Introducing enabling investor policies has been pivotal in making
Turkey one of the world’s fastest growing angel investor nations.
H.E. Mehmet Simsek, Deputy Prime Minister of Turkey, has been
intimately involved in this transformation and recently summarised
the government’s thinking.


Around the world, governments are embracing the role that business angels, collective investing funds and crowdfunding can play in funding and supporting entrepreneurs. The United States’ long history of enabling entrepreneurship means it comes as no surprise that it is miles ahead of any other nation – an estimated 300,000 business angels invest over US$24 Billion per annum. The UK by contrast has only recently seen exponential growth in the number of business angels, now tallying over 18,000 – up from approximately 4,000 a decade ago. Can other countries emulate this rapid growth?

Early signs from Turkey suggest that this is certainly possible. Most countries face a much different reality to the US or UK, one where business angels are counted in tens or hundreds. Relying on organic growth of business angels is foolish given the importance for entrepreneurs to succeed. Since 2014 Turkey has taken steps to radically improve access to early stage financing. In so doing it has become a beacon of hope and important example to other nations of the role government can play in easing access to finance for SMEs and start-ups.

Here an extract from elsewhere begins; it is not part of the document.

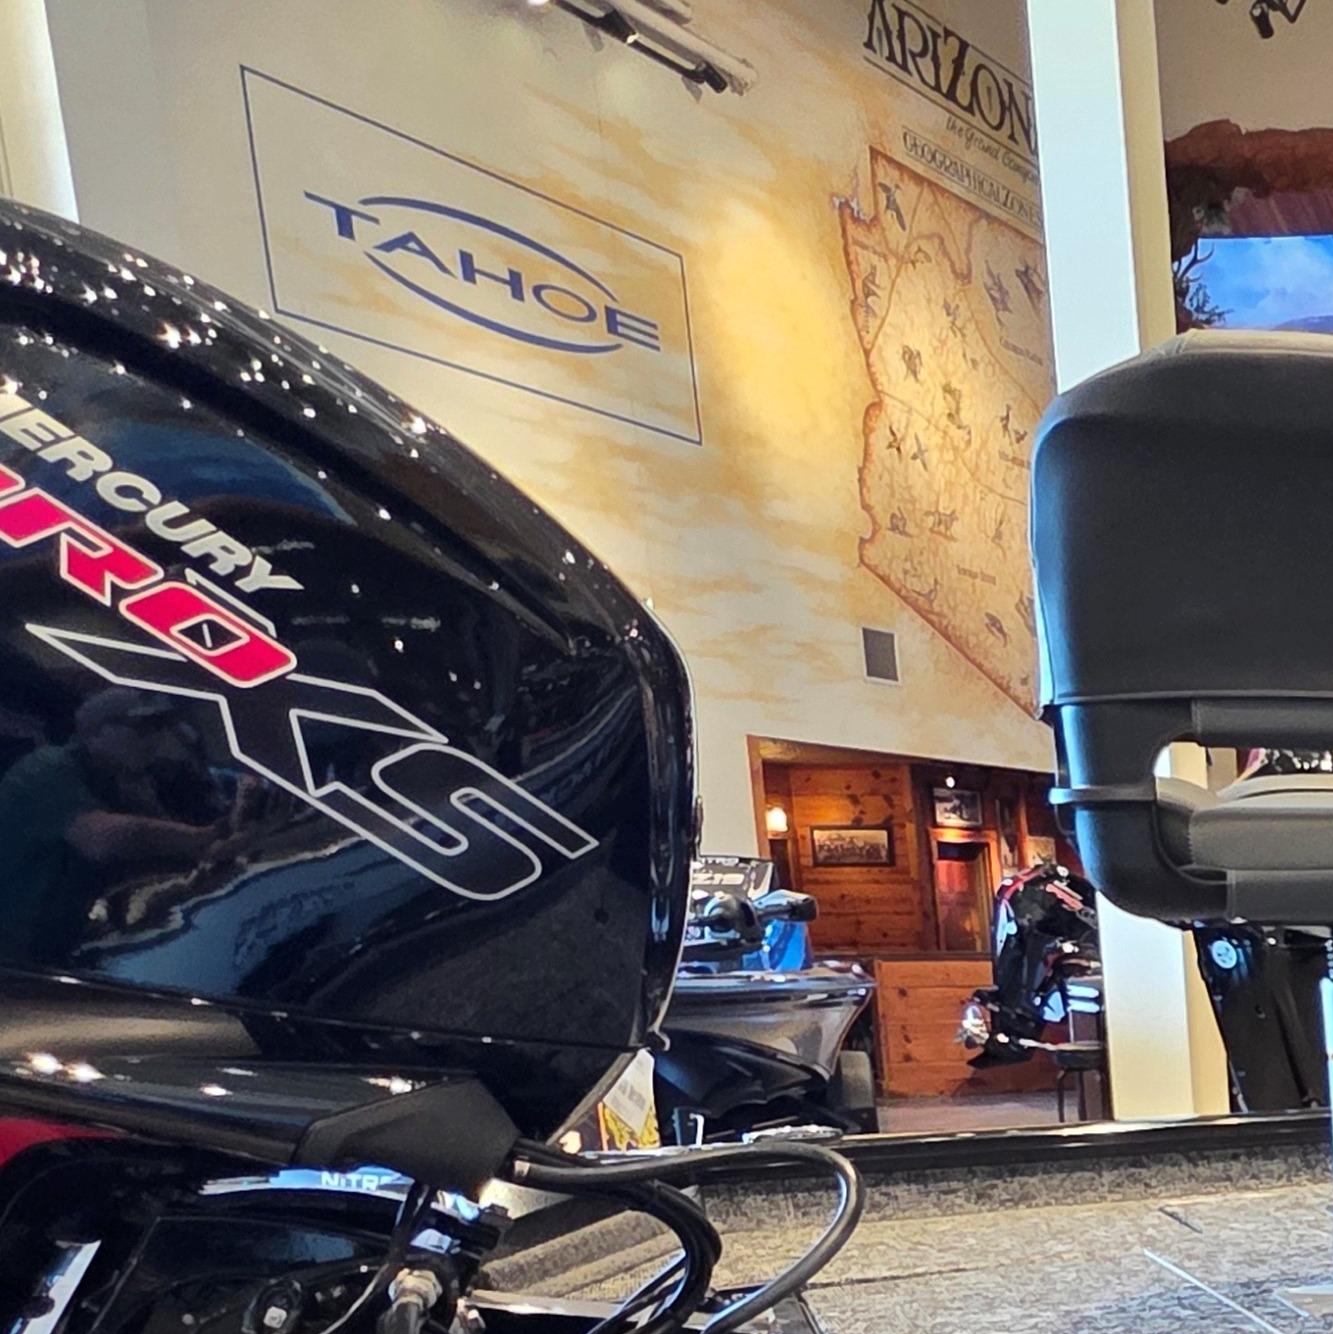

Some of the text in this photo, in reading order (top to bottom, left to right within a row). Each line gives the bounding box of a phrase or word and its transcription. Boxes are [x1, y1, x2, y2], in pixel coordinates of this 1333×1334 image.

[862, 0, 1037, 155] ARIZON
[303, 190, 661, 352] TAHOE
[0, 462, 297, 688] RO

Turkey’s Deputy Prime Minister, HE Mehmet Simsek, shares an oftoverlooked, but vital component that spurred on this journey in Turkey over the last few years. The Turkish government recognised that access to early stage finance is critical for continued economic development and sustaining GDP growth of 5%. Recognition and acknowledgement of this need by senior politicians is crucial to creating the political environment for policymakers and government officials to act.

Over the last two years the Turkish government has embarked on three major endeavours to ensure this political will is converted into meaningful improvements and real development – (1) tax incentives have been introduced to increase angel investing; (2) fund of funds structures have been introduced; and (3) legislation is underway to enable crowdfunding.

Tax Incentives

Accredited business angels in Turkey can now deduct 75% of the value of qualifying investments from their personal income tax. As a bonus, for investments into Start-ups or SMEs that have research and development supported by the public sector, the entire investment amount can be deducted. These incentives mean that business angels can approach investment opportunities with a completely different view of the risk involved. Government has removed the risk of capital loss, making investments more attractive; stimulating growth in business angels and increasing the real number of investments per business angel. Three hundred and fifty-three business angels had already been accredited under this incentive programme by the start of WBAF 2016.

Fund of Funds

Building a diversified portfolio of investments is one of the keys to mitigating risk and increasing capital returns. As an individual business angel, family office or even a venture capital fund it can be challenging to review and select enough investments to establish a portfolio. Syndication between investors is an important tool to encourage more investment activity. To encourage syndication and collective investing, Turkey has established a fund of fund structures. These funds make it possible for the government to deploy public capital in partnership with private investors. Over the past three years the Turkish government has contributed €200M to early stage funding through these funds.


Globally, crowdfunding continues to grow and has done much to democratise early-stage funding. Through crowdfunding it is possible for Start-ups and SMEs to secure funds from a global audience. But crowdfunding comes in different shapes and sizes – the four principal forms are donations, products, debt and equity. The first two can, and have, flourished without enabling legislation. Debtbased crowdfunding can generally operate within the constraints of existing policies and legislation. Equity crowdfunding is more complicated. Investor protections are imperative and historical legislation governing public share offers tends to pre-date the internet as we know it today and social media. Equity crowdfunding though, is where real investment happens – to this end the Turkish parliament is working on legislation to enable equity crowdfunding in Turkey, putting Turkey at the forefront of nations unlocking equity crowdfunding.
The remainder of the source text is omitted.